## Task requirements
Where a picture appears, leave it out; copy everything else in the records exactly.
Information supplied: Begin
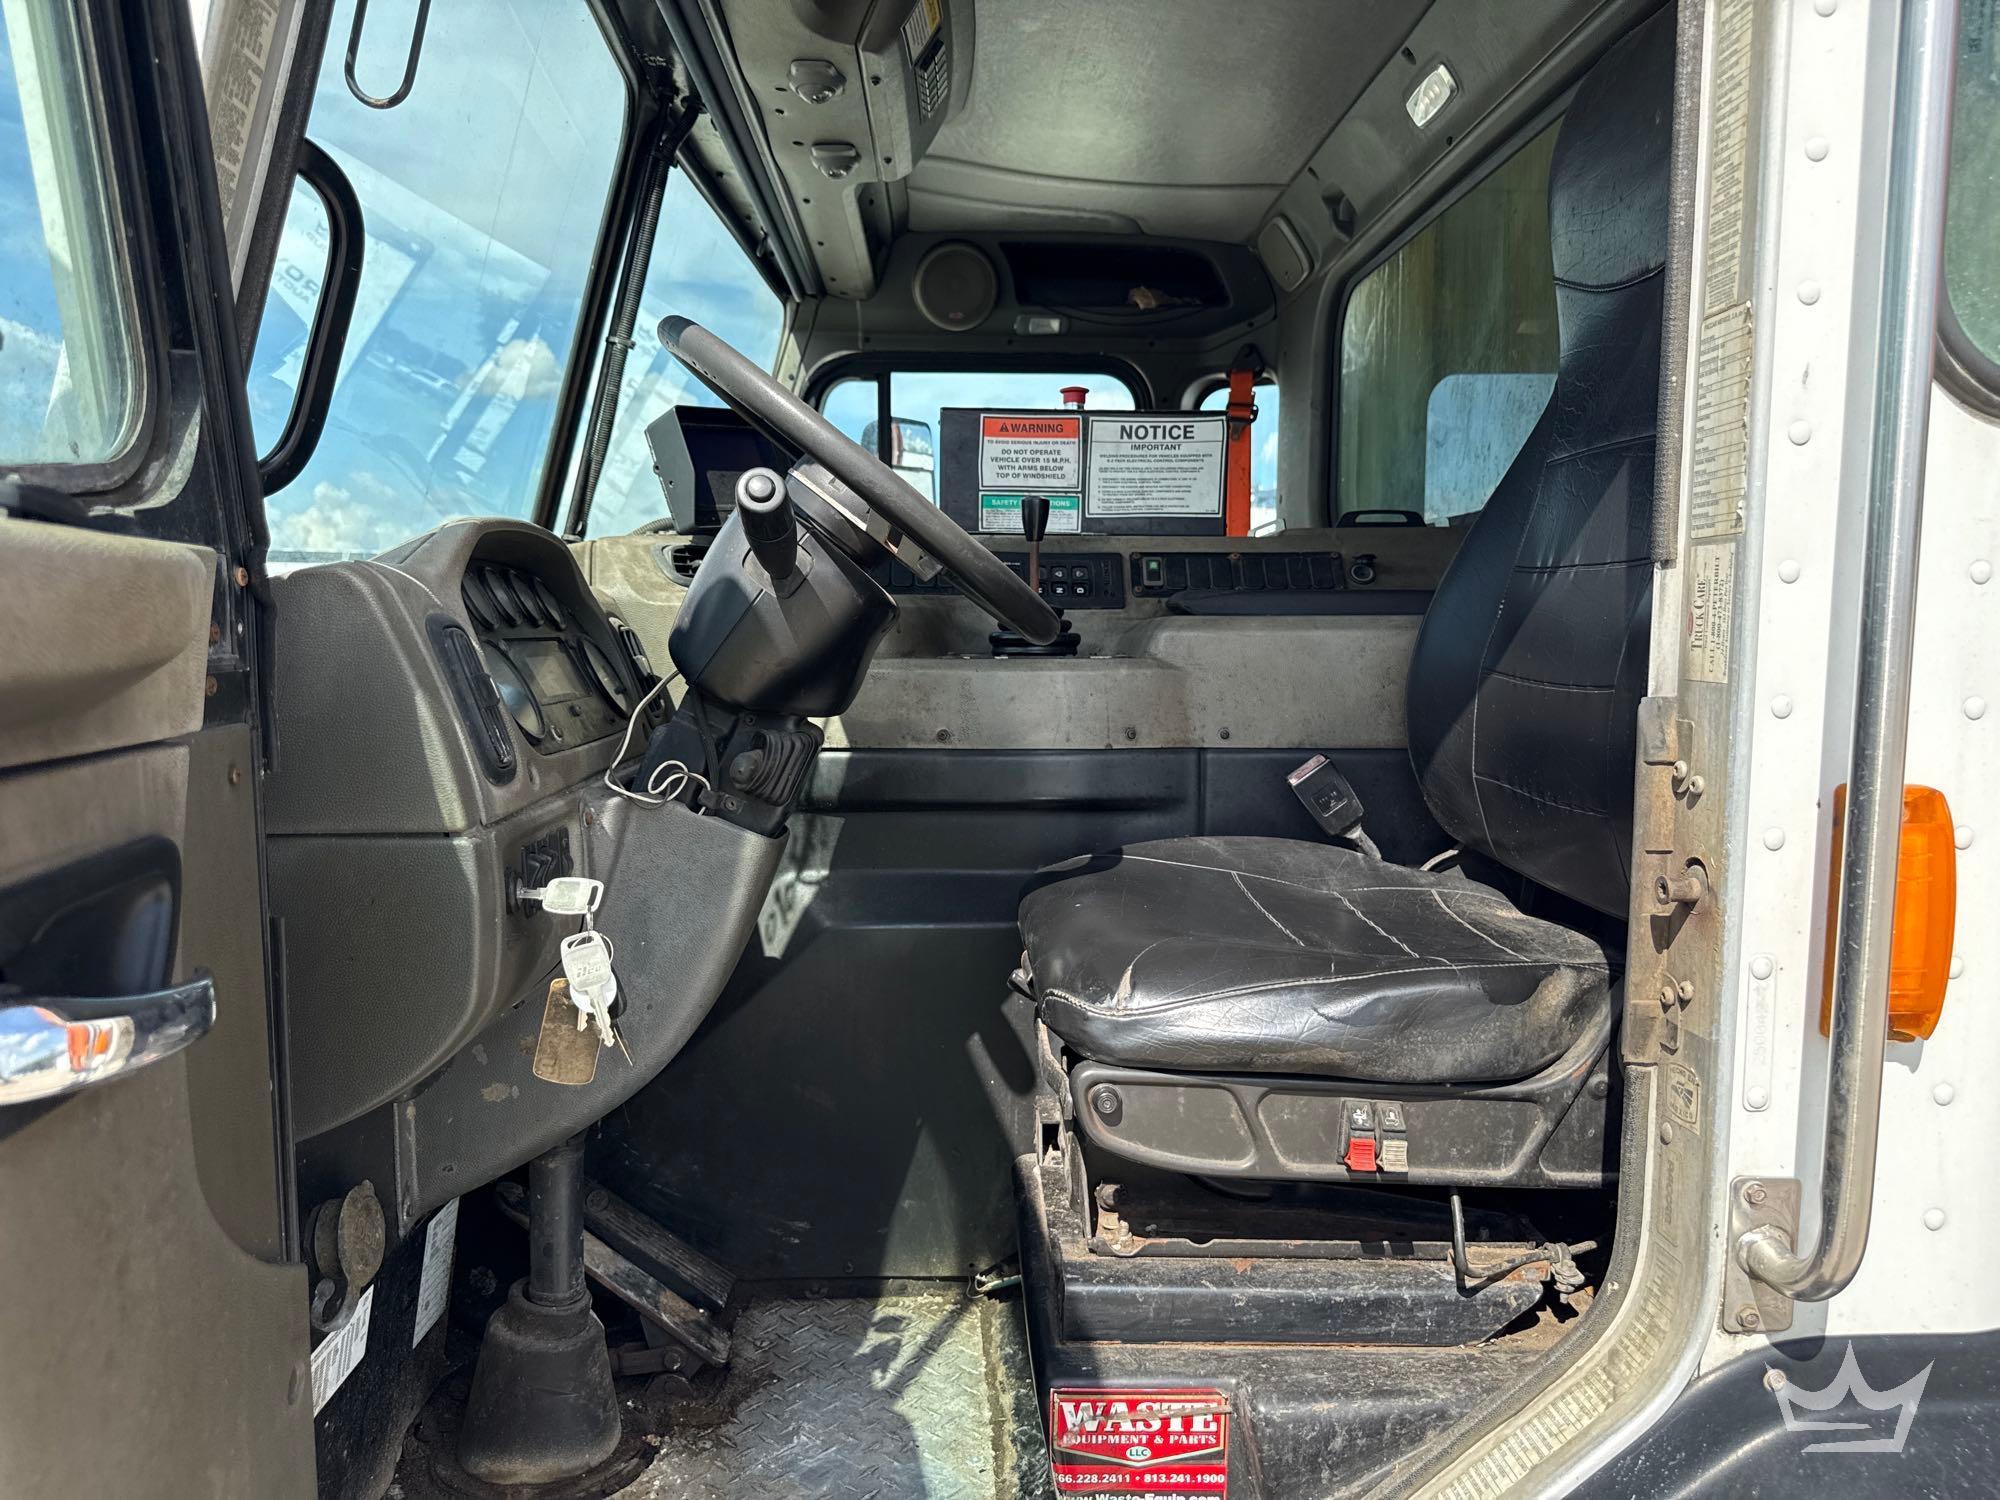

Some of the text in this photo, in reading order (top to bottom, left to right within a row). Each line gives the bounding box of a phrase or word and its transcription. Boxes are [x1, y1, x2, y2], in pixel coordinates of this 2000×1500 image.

[1011, 423, 1064, 433] WARNING
[1120, 425, 1195, 440] NOTICE
[1060, 1401, 1219, 1433] WASTE
[1063, 1434, 1217, 1445] EQUIPMENT & PARTS
[1129, 1449, 1148, 1457] LLC
[1056, 1473, 1225, 1484] 66.228.2411 813.241.1900
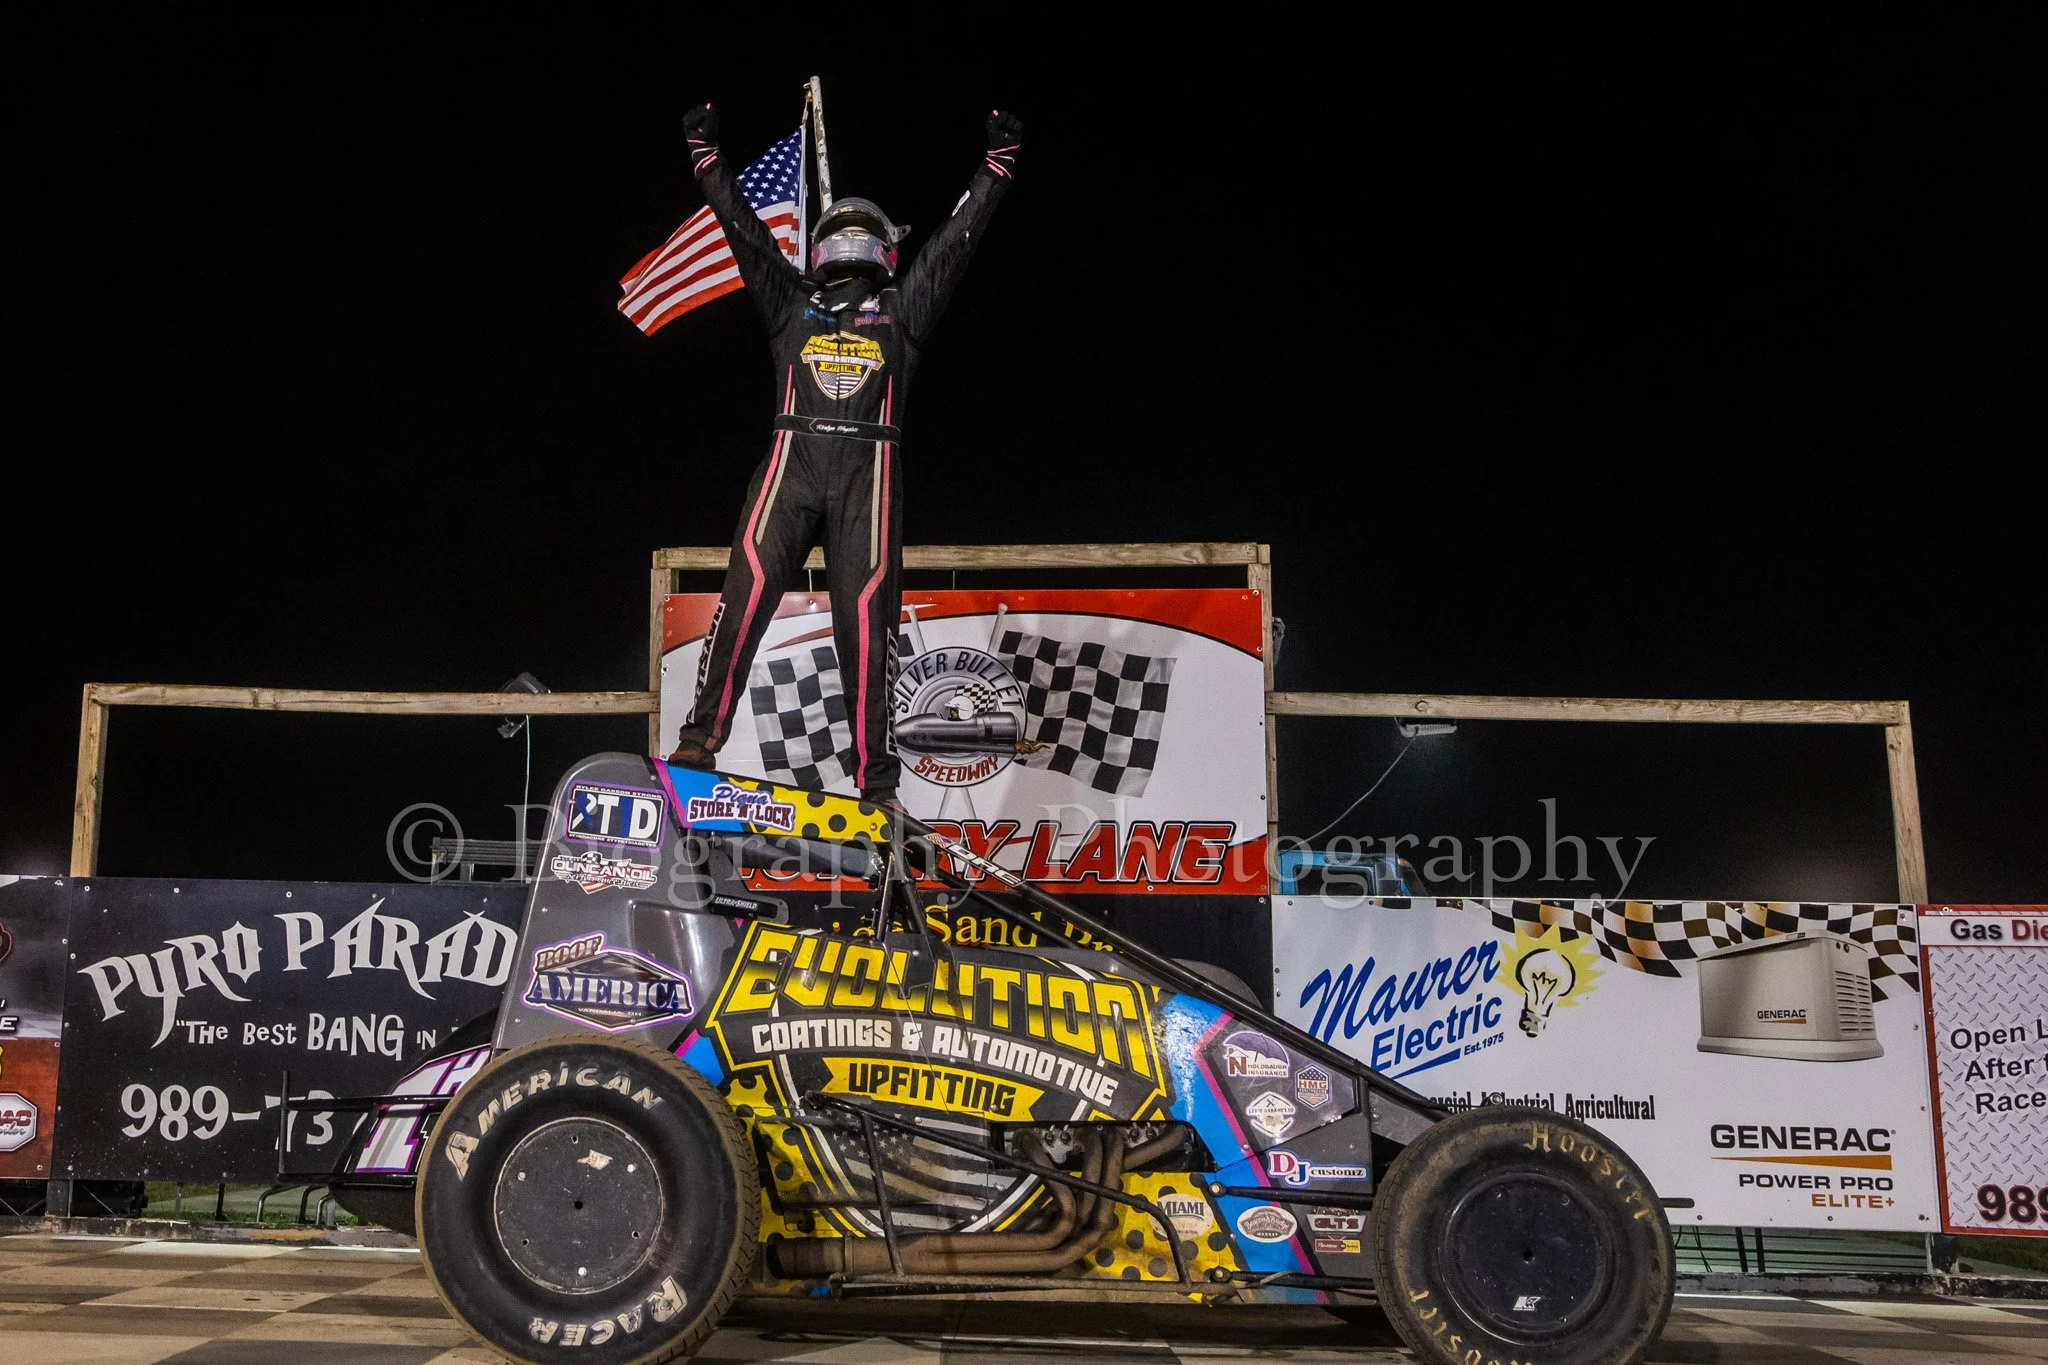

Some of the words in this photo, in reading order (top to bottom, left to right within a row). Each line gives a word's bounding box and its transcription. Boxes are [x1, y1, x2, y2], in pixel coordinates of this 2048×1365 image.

[894, 652, 949, 714] SILVER
[954, 651, 1025, 710] BULLET
[914, 752, 999, 783] SPEEDWAY
[689, 799, 735, 820] STORE
[754, 804, 792, 828] LOCK
[1026, 821, 1235, 884] LANE
[553, 860, 627, 878] DUNCAN
[630, 868, 655, 881] OIL
[1950, 918, 2003, 941] Gas
[536, 937, 601, 970] ROOF
[78, 921, 263, 1050] PYRO
[526, 973, 691, 1011] AMERICA
[1299, 940, 1501, 1046] Maurer
[1756, 1009, 1807, 1020] GENERAC
[307, 1013, 405, 1062] BANG
[1371, 994, 1503, 1073] Electric
[1950, 1025, 2026, 1052] Open
[751, 1018, 893, 1055] COATINGS
[902, 1021, 924, 1051] &
[931, 1026, 1121, 1108] AUTOMOTIVE
[1965, 1057, 2035, 1082] After
[847, 1061, 1017, 1112] UPFITTING
[1298, 1080, 1328, 1089] HMG
[446, 1061, 664, 1182] AMERICAN
[1564, 1093, 1656, 1121] Agricultural
[1710, 1124, 1892, 1152] GENERAC
[1738, 1173, 1831, 1191] POWER
[1840, 1175, 1894, 1192] PRO
[1156, 1200, 1205, 1218] MIAMI
[1811, 1193, 1896, 1209] ELITE+
[529, 1275, 688, 1347] RACER
Information supplied: End
## Reply to the task
Some of the text in this photo, in reading order (top to bottom, left to right within a row). Each line gives the bounding box of a phrase or word and its transcription. Boxes are [x1, y1, x2, y2], in pixel coordinates of this 2000×1500 image.

[1011, 423, 1064, 433] WARNING
[1120, 425, 1195, 440] NOTICE
[1060, 1401, 1219, 1433] WASTE
[1063, 1434, 1217, 1445] EQUIPMENT & PARTS
[1129, 1449, 1148, 1457] LLC
[1056, 1473, 1225, 1484] 66.228.2411 813.241.1900

Some of the words in this photo, in reading order (top to bottom, left to right within a row). Each line gives a word's bounding box and its transcription. Boxes are [x1, y1, x2, y2], in pixel coordinates of this 2048×1365 image.

[894, 652, 949, 714] SILVER
[954, 651, 1025, 710] BULLET
[914, 752, 999, 783] SPEEDWAY
[689, 799, 735, 820] STORE
[754, 804, 792, 828] LOCK
[1026, 821, 1235, 884] LANE
[553, 860, 627, 878] DUNCAN
[630, 868, 655, 881] OIL
[1950, 918, 2003, 941] Gas
[536, 937, 601, 970] ROOF
[78, 921, 263, 1050] PYRO
[526, 973, 691, 1011] AMERICA
[1299, 940, 1501, 1046] Maurer
[1756, 1009, 1807, 1020] GENERAC
[307, 1013, 405, 1062] BANG
[1371, 994, 1503, 1073] Electric
[1950, 1025, 2026, 1052] Open
[751, 1018, 893, 1055] COATINGS
[902, 1021, 924, 1051] &
[931, 1026, 1121, 1108] AUTOMOTIVE
[1965, 1057, 2035, 1082] After
[847, 1061, 1017, 1112] UPFITTING
[1298, 1080, 1328, 1089] HMG
[446, 1061, 664, 1182] AMERICAN
[1564, 1093, 1656, 1121] Agricultural
[1710, 1124, 1892, 1152] GENERAC
[1738, 1173, 1831, 1191] POWER
[1840, 1175, 1894, 1192] PRO
[1156, 1200, 1205, 1218] MIAMI
[1811, 1193, 1896, 1209] ELITE+
[529, 1275, 688, 1347] RACER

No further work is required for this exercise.